His headaches had gone away but had been replaced by early-morning vomiting. A few ounces of yellow bile produced each morning. He meditated on too much, thought carefully about a sufficiency. When the women had been living with him he had thought of himself, very often, as insufficiently virile, or insufficiently ambitious. Who needed this much excitation? On the other hand, who could resist it? Anne sometimes looked like a twenty-year-old, especially when she’d just bathed, the small breasts, the small hips, the dark hair. Dore was tall and bossy, there was no other word for it, and Veronica was, take your choice, sassy or critical, great lip on that kid, never without a spiked remark. He had the sense that he was a hotel, didn’t mind being a hotel, okay I’m a hotel. Two of them sucking his cock in the early mornings, taking turns, five or six o’clock, he was drinking white wine, not very good white wine, and smoking, this went on for a long while, sometimes they’d turn to one another and one would begin to lick the inside of the other’s legs up near the cunt, quite near, Simon with his hands on that one’s buttocks, around her waist and then moving down over the buttocks with slow appreciative strokes, raking them with his nails at intervals, but softly, little bites, but softly, the flesh is so delicious Dore said, or Anne said.

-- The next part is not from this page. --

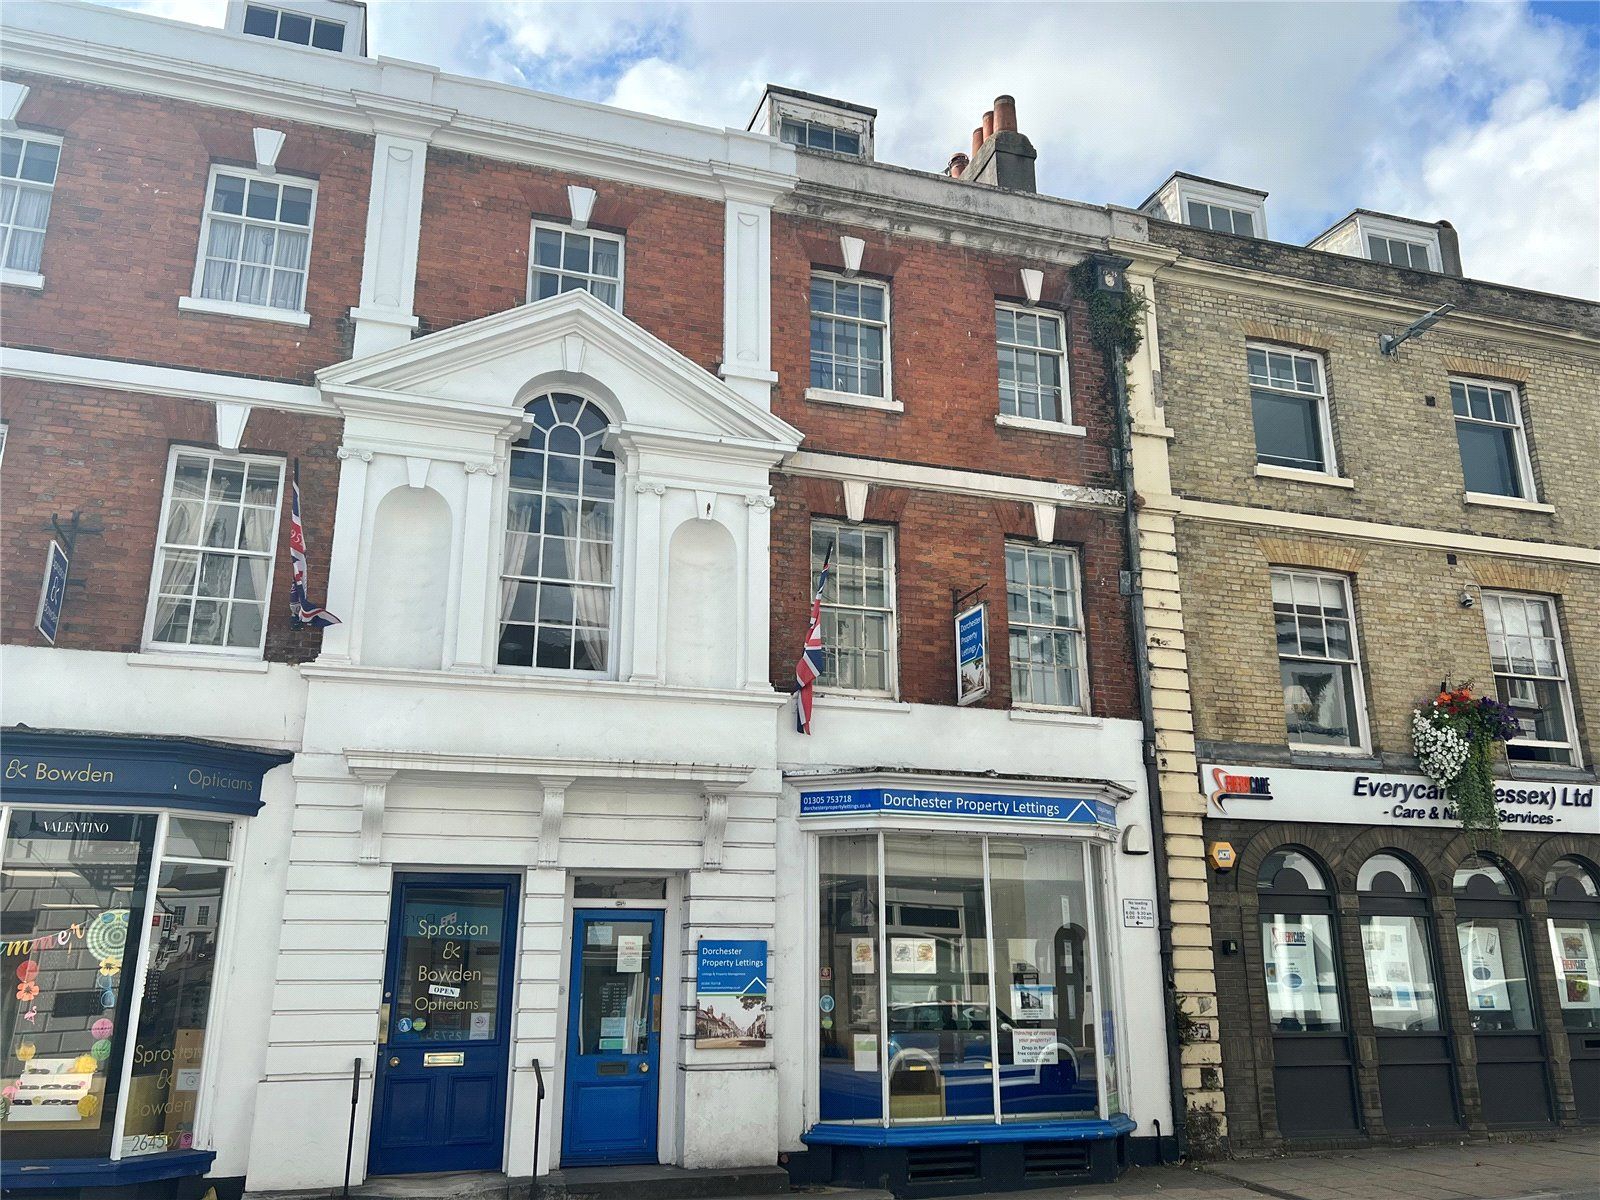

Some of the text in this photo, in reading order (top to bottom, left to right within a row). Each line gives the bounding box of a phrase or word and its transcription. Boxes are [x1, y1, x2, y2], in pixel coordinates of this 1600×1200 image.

“You’ve been bad Veronica.”
“No I haven’t that’s not bad that’s hardly bad at all.”
“I agree with her. You’ve been bad.”
“No I haven’t I don’t call that —”
“Very bad.”
“I don’t call that bad that’s not hardly bad at all you should see what I’ve seen if you want to talk about —”
“Yes Veronica yes of course of course Veronica I didn’t think you’d admit it why should you? C’mon Anne there’s no reasoning with her.”
“Dore don’t go I haven’t been bad she’s just trying to tell you I’ve been bad but I mean are you going to believe her? Just because she says —”
“Well how do you feel?”
“Bad.”
“You see.”
“Oh God Dore now you’ve made her feel bad just talking about everything you’ve made her feel bad that she’s done something some little something she shouldn’t have done some little something that warrants horrible contrition —”
“I don’t mind making her feel bad. She’s bad.”
“Veronica, are you essentially what she says you are? Bad? You can tell me I’m your friend. I have other bad friends, if that —”
“Well spit. That’s what I think.”
“You’re not going to talk is that it?”
“Hit her.”
“I’m not going to hit her she’s a sister you can’t hit a sister even a bad sister that’s one of the eternal rules not even a terribly, terribly bad sister. Like Veronica.”